I didn't cry when you latched on to the fear I had tried to conceal. When you suggested that you would spare me if I got on my knees and begged you "like a good little girl."

I didn't cry when I did beg you, only for you to laugh at me and say you were going to do it anyway.

I didn't cry when you bent me over the foot of your bed and got behind me. When I wasn't relaxed enough, and you pulled my hair, balled your first in my face, and threatened to beat me if I didn't "open my hole."

I didn't cry when you went in. Yes, I screamed because the pain was excruciating. Because you were hurting me and didn't care because I was nothing to you but a piece of meat. Because you were violating me in the most sadistic, humiliating, inhuman way imaginable.

I didn't cry when you ordered me to "give you a show" and touch myself as you were raping me. When you went inside me as deep as you could, boasting about how you were going to "stretch me out." When you asked me how it felt to be "put in my place," or whether any other man had "done me this good." Or whether you were "breaking my butt cherry."

I didn't cry when you said that you were going to come. That you were going to shoot your load so deep inside me I'd be "spitting it out my other end." When you teased me about how I "wouldn't be able to walk for a month" when you were through with me.

When I felt my body start to clench despite itself, I came very, very close to crying. When you latched on to my shame, when you laughed at me, said "you know you want this you slut," went straight for the gut and told me I was "asking for it" by walking alone as a woman, when you went full misogynist and said I was "begging for a real man's cock" by wearing what I had been wearing.

I felt a lump in my throat.

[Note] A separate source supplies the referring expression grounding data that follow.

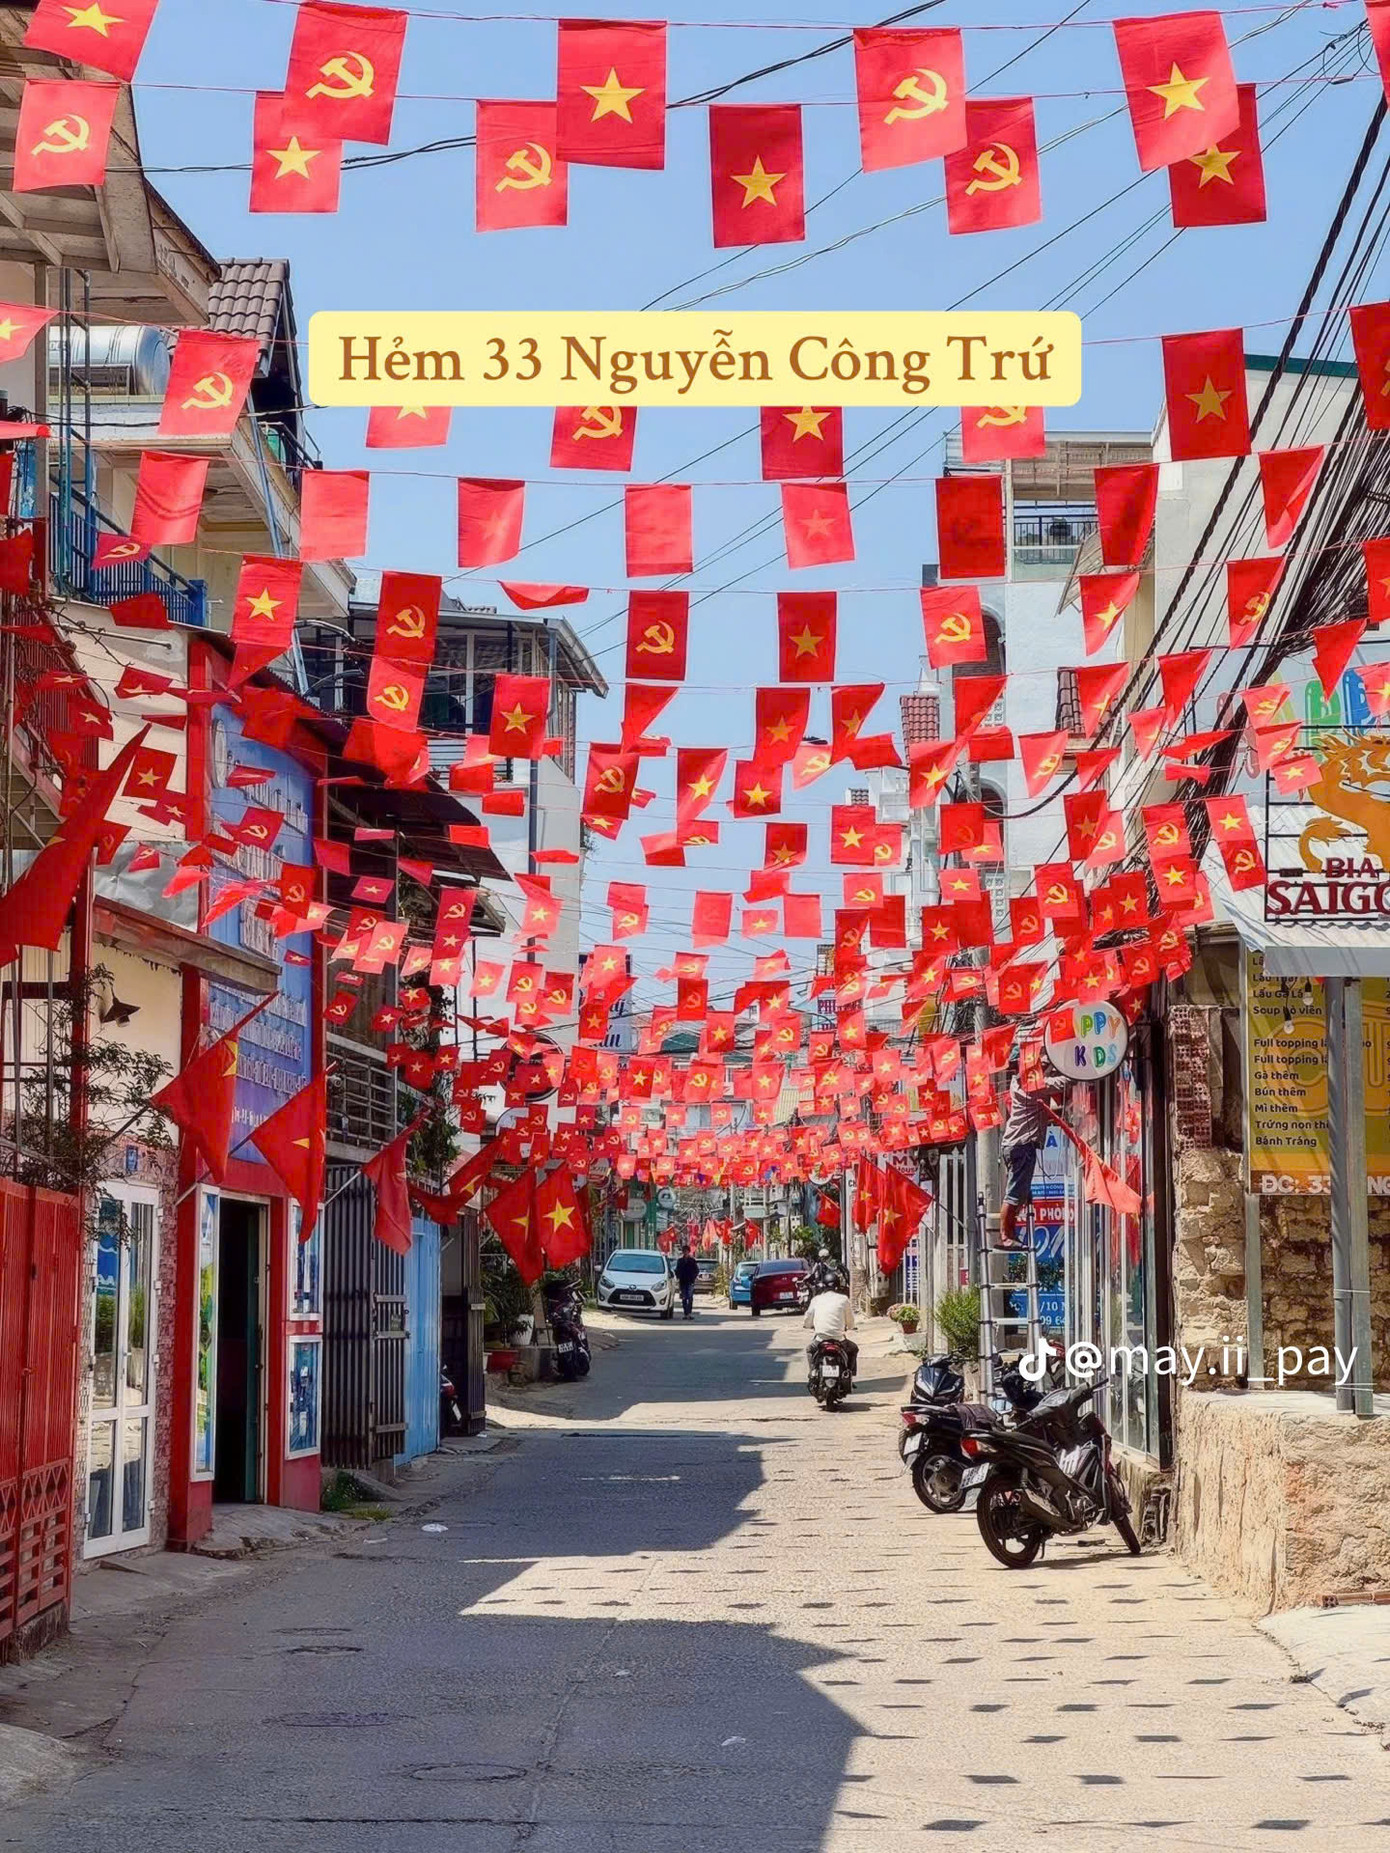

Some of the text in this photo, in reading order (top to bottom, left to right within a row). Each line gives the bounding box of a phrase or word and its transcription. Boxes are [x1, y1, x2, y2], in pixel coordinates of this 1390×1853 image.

[1325, 857, 1378, 878] BIA
[1253, 1006, 1281, 1016] Soup
[1299, 1005, 1322, 1015] viên
[1080, 1011, 1121, 1039] PPY
[1254, 1039, 1274, 1048] Full
[1276, 1039, 1319, 1049] topping
[1074, 1042, 1118, 1068] KDS
[1254, 1055, 1274, 1064] Full
[1277, 1055, 1319, 1066] topping
[1254, 1071, 1299, 1080] Gà thêm
[1255, 1087, 1306, 1096] Bún thêm
[1255, 1103, 1298, 1113] Mì thêm
[1255, 1120, 1289, 1131] Trứng
[1291, 1121, 1312, 1129] non
[1255, 1136, 1317, 1147] Bánh Tráng
[1259, 1174, 1300, 1194] ĐC:

I felt my stomach rise. I felt a need to go somewhere and splash some cold water on my face.

But I didn't cry. Not yet.

I didn't even cry when I did come despite myself. When you groaned with pleasure as you ejaculated inside my rectum and I could feel every pump of your semen like a dagger.

When you pretended to decide what to do with me and ultimately decided to take me home. When you made me thank you for being "merciful." When you were about to do it but just couldn't resist tying me back to the pole urinating on me first. When I tried to keep my lips and eye closed but got your piss in both.

When you threw me bound and hooded back in your trunk. When you stopped an hour later; took me out; put just my dress on; and made a show about keeping my bra, panties, and purse for yourself. When you stuck a $50 bill between my breasts, said "thanks for the fun, whore," and then shoved me so hard I tripped and fell face down into a puddle of mud. When you speeded off, leaving me all by myself on a desolate street. In a bad part of town. With no phone, no ID, and almost no money.

Up until that point, I didn't cry.

I was going to be strong, I told myself. I was going to be strong, I was going to clean myself off, I was going to go to the clinic.

And then I was going to get home somehow.

Above all, I wasn't going to let you win.

And then I cried, because I realized you *had* won.

Because as much as you had used me, as unclean as you had made me feel, as thoroughly as you had broken my heart and polluted my body and made me feel like a refugee in my own soul...

... as much as I hated myself for it... as ashamed as I was that I could imagine the words...

... I enjoyed it.

And as I cried into the early morning, I reached behind me, traced the inside of my bum with two fingers, and rubbed a little of your sperm in between them. As the last heaves of my good cry left me, I felt something inside me akin to withdrawal from a drug: my body aching with absence and desire, panting for the medicine that would heal me even as it killed me.

Panting at the chance to be your whore once again.